Giacomo Puccini‘s popular “Manon Lescaut” is an opera about a desperate love
born under the ominous stars of lust and money. Although Manon loves, she
cannot fail to yield to the temptation of luxury, and her lover, knowing
what she is like, does not resign himself to abandon her. The story tells
about trade in women, “machismo” and youthful sexual energy, but as all of
it happens in the middle of the 18th Century, a time of petticoats and wigs,
none of this has ever been very explicit.
This is not the case of
the Covent Garden’s production premiered on Tuesday, June 17, which split
the audience into two: some wildly applauded régisseur Jonathan Kent’s
proposal and Paul Brown’s designs while others booed, visibly upset.

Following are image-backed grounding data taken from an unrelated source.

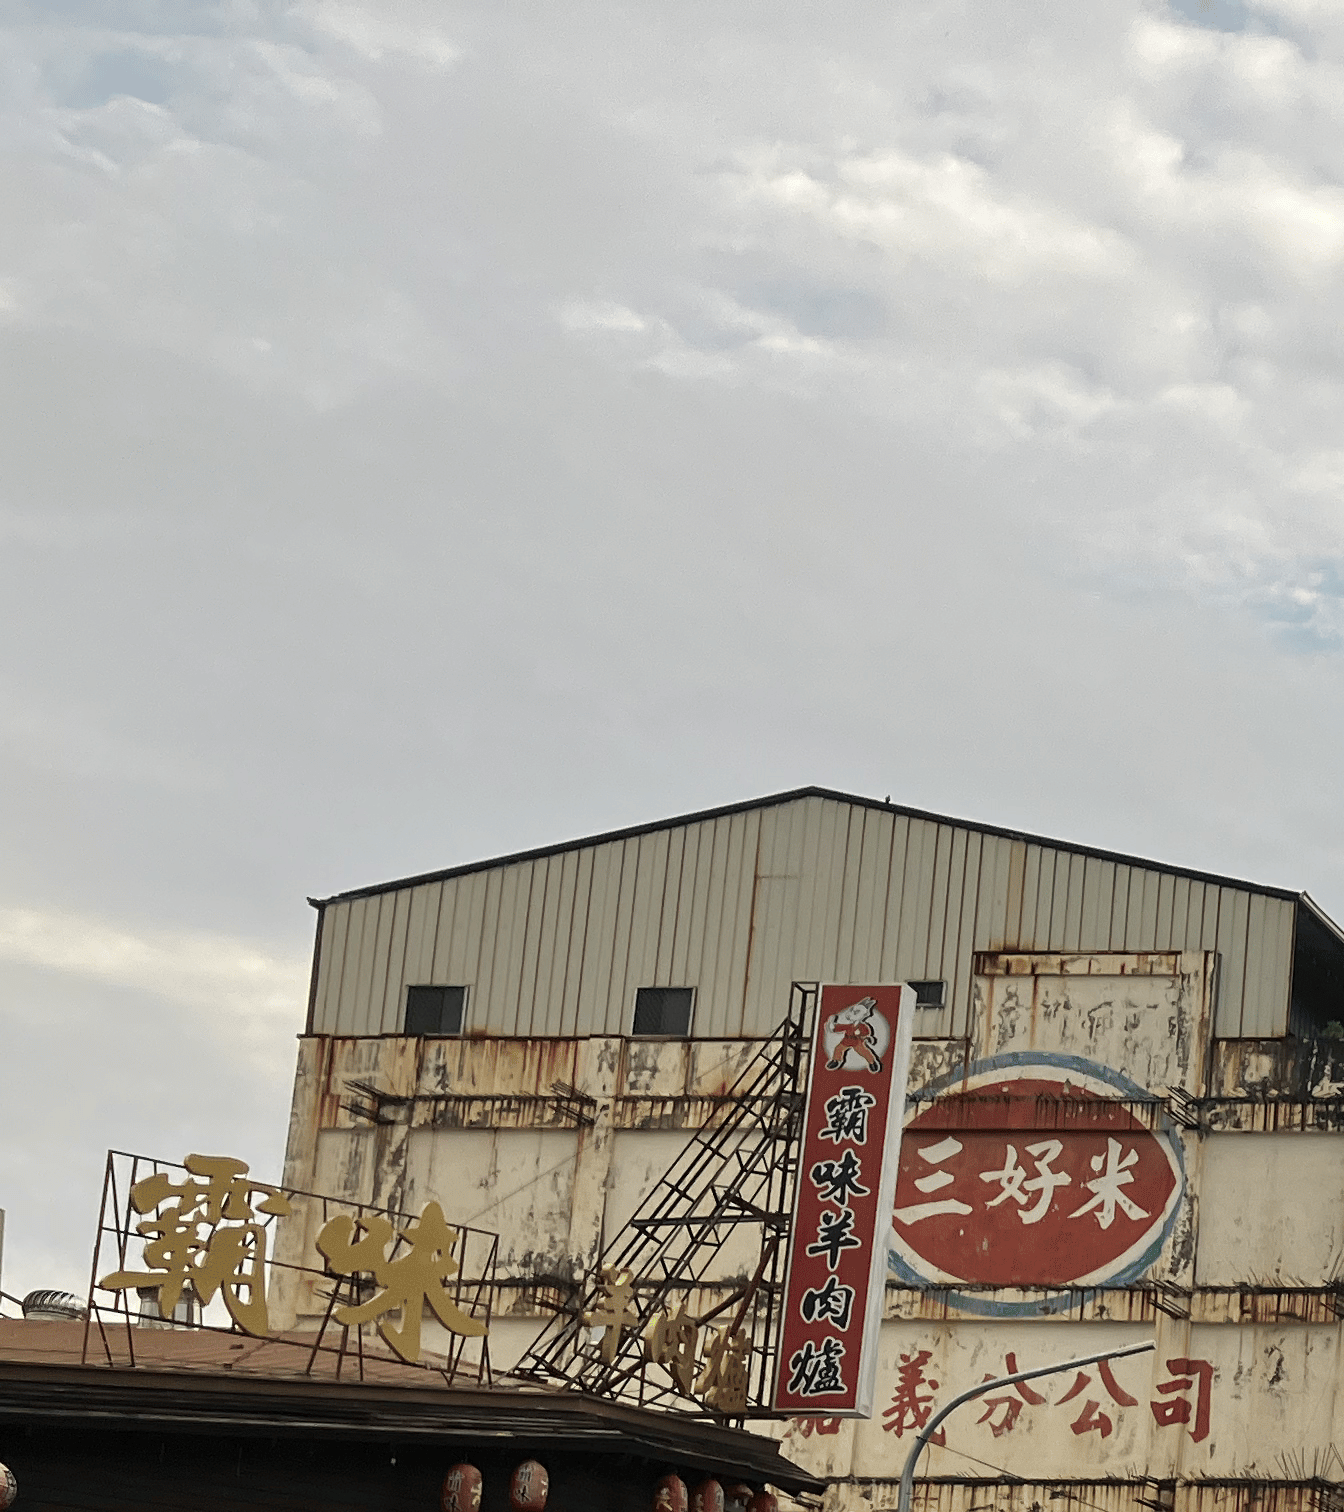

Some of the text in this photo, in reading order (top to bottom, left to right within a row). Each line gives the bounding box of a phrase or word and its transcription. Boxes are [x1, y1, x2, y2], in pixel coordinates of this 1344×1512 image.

[98, 1152, 489, 1363] 霸味
[788, 1086, 872, 1396] 霸味羊肉爐
[893, 1134, 1152, 1230] 三好米
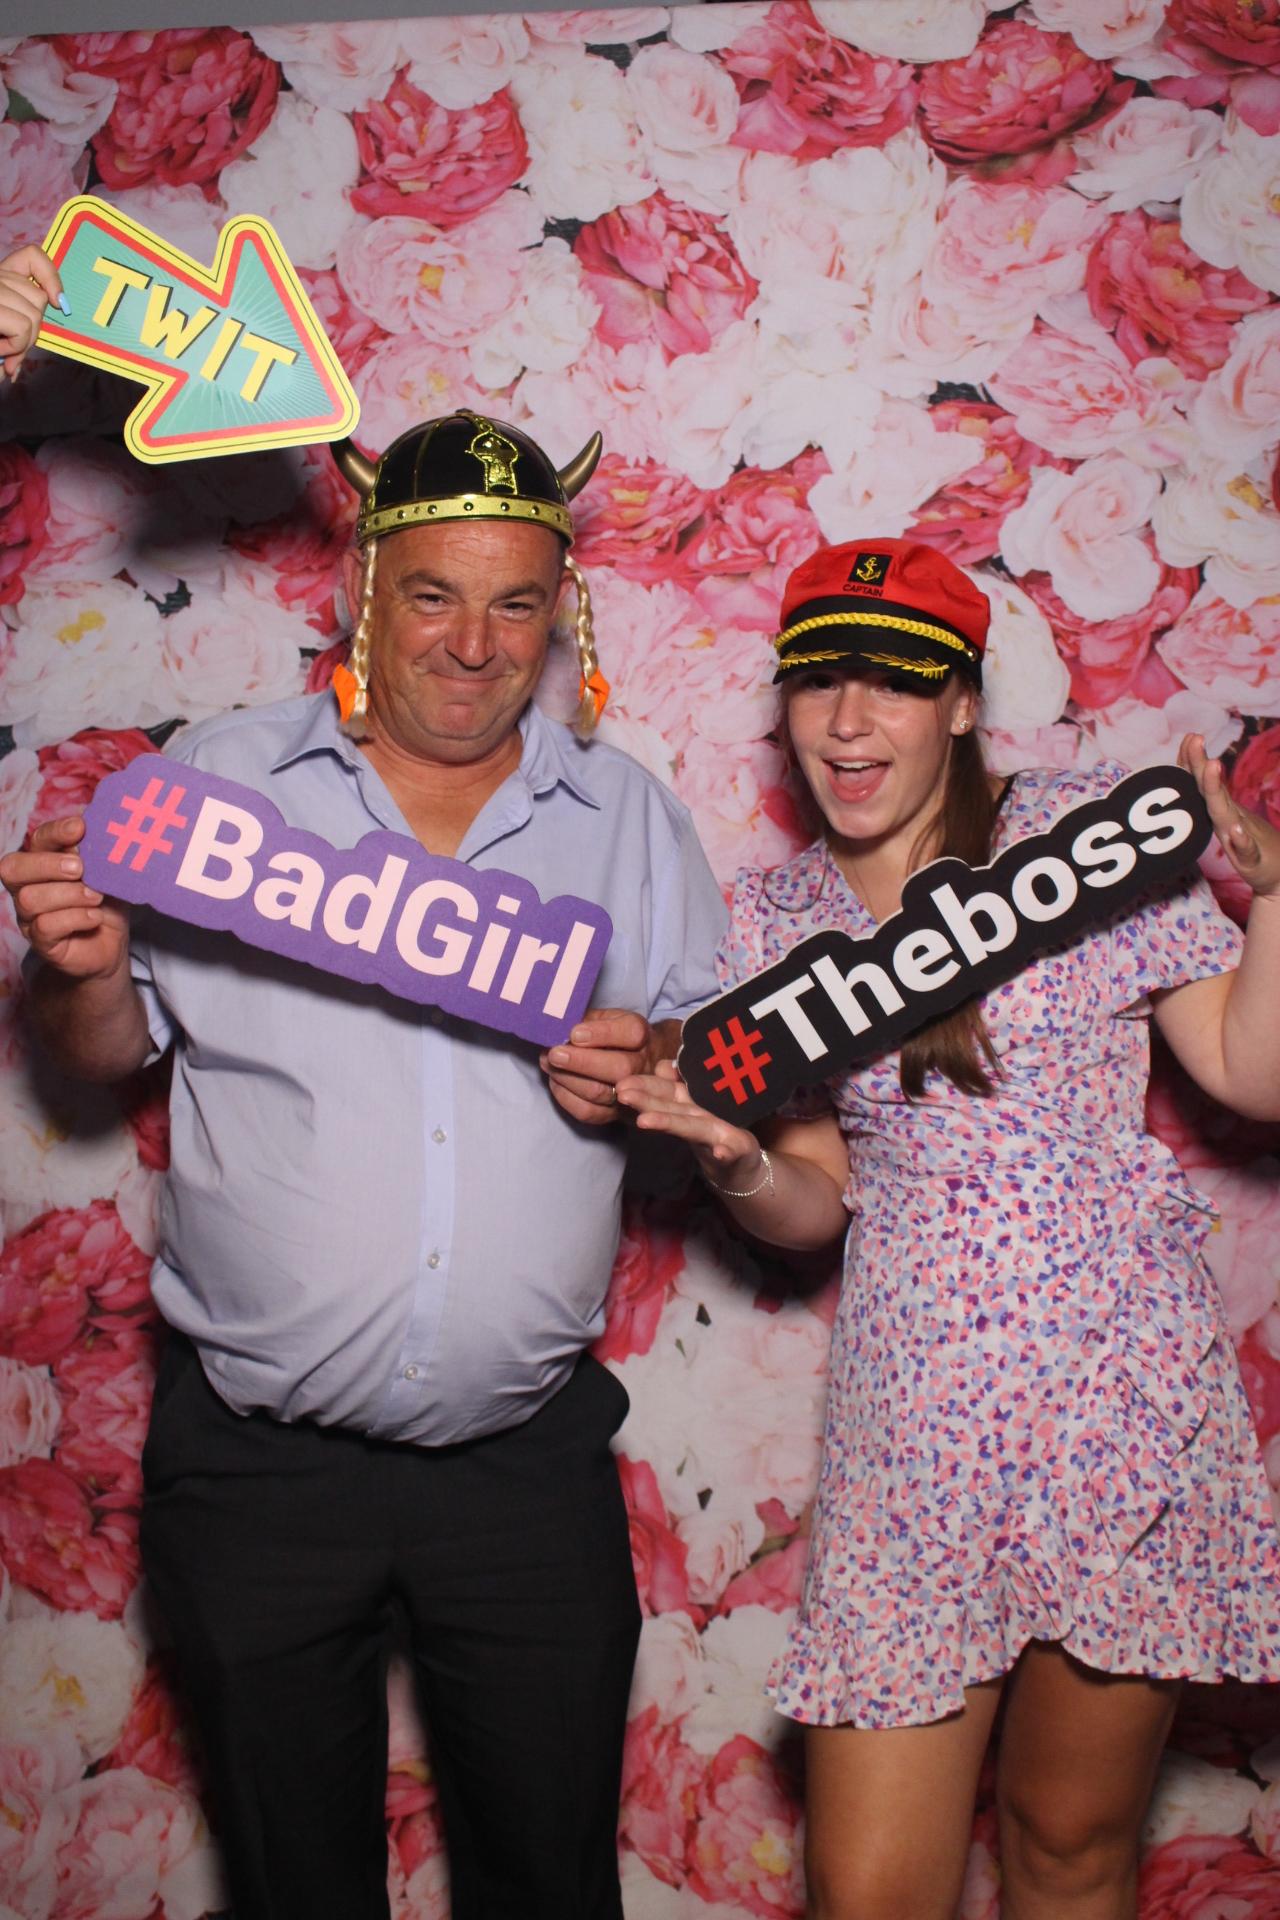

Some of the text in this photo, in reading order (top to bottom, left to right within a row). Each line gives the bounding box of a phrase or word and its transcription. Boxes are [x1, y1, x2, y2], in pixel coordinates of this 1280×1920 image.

[92, 256, 298, 403] TWIT
[842, 584, 884, 597] CAPTAIN
[106, 776, 596, 1020] #BadGirl
[703, 786, 1194, 1106] #Theboss

The opera scene changed dramatically in recent years and, whether you
like it or not, you have to learn to live with it. This “Manon Lescaut”,
musically and vocally memorable, will always be remembered for its radical
dramatic coherence and for driving Kent’s and his staff’s concepts to
extremes, without taking the least account of what people will say or caring
about the taste of the more traditional fans. There were no scruples or
concessions made. The theatre itself bravely supports its commitment, which
is demonstrated in the playbill which includes a crude article entitled “Sex
for sale”, signed by Julia O’Connell Davidson, professor of sociology at the
University of Nottingham, expert in sex and children trafficking, and author
of books such as “Prostitution, Power and Freedom” (1998) and “Methods, Sex
and Madness” (1994)
The action is transferred to the 21st Century, a
time when modesty has become a museum piece. The first act takes place
beside a motel for couples on the road, linked to a casino where sex is
traded in cash. Manon (Kristine Opolais) arrives in a SUV, driven by her
brother (Christopher Maltman), who aims to sell her to the rich and old
Geronte de Revoir (Maurizio Muraro). She is rescued by the young and
impetuous Renato des Grieux (Jonas Kaufmann), who falls in love with her at
first sight and takes her to Paris. But after she has spent some time in the
arms of her poor lover, she yearns for a life of comfort.
The second
act of this production takes us to a sort of showcase of a “red light
district” where Manon is at the beck and call of a master who shows her off
to his friends and organizes music and dance sessions to recover (or
remember) his lost sexual vitality. Thus, the musician, a role composed to
be sung by a mezzo-soprano (Nadezhda Karyazina), has a sort of Lesbian scene
with Manon, while the dance teacher (Robert Burt) rehearses with her the
erotic routine that feeds Geronte’s hopes.
But Des Grieux loves her
despite all of this and returns to look for her. After all his
recriminations, she manages to seduce him once again; the love duet is sung
between Manon’s legs. They are surprised in middle of a love scene and she
is taken prisoner. The third act is in the port from where she will be
deported together with other prostitutes, who are locked up in a kind of
container in front of a walkway that leads them to a big poster advertising
“Naïveté” (naivety) with an eager woman’s face placed beside a red orchid
that is opening. The television closely follows the path of these women,
left to the mercy and harassment of a public commenting on them and
insulting them; a sort of criticism of the entertainment media and the
audience it feeds. The fourth act takes place in the desert of Louisiana,
where Manon dies of thirst in a semi destroyed causeway: the lovers end
their days in a path that leads them nowhere.
Maybe this will shock
or anger some people, but the fact is that, despite a somewhat cold first
act and a second act verging on the “too much”, everything is well done and
works like clockwork. Risqué? Yes, because the subject matter is risqué. But
it is also bleak, decadent and tragic, and this is always made quite clear.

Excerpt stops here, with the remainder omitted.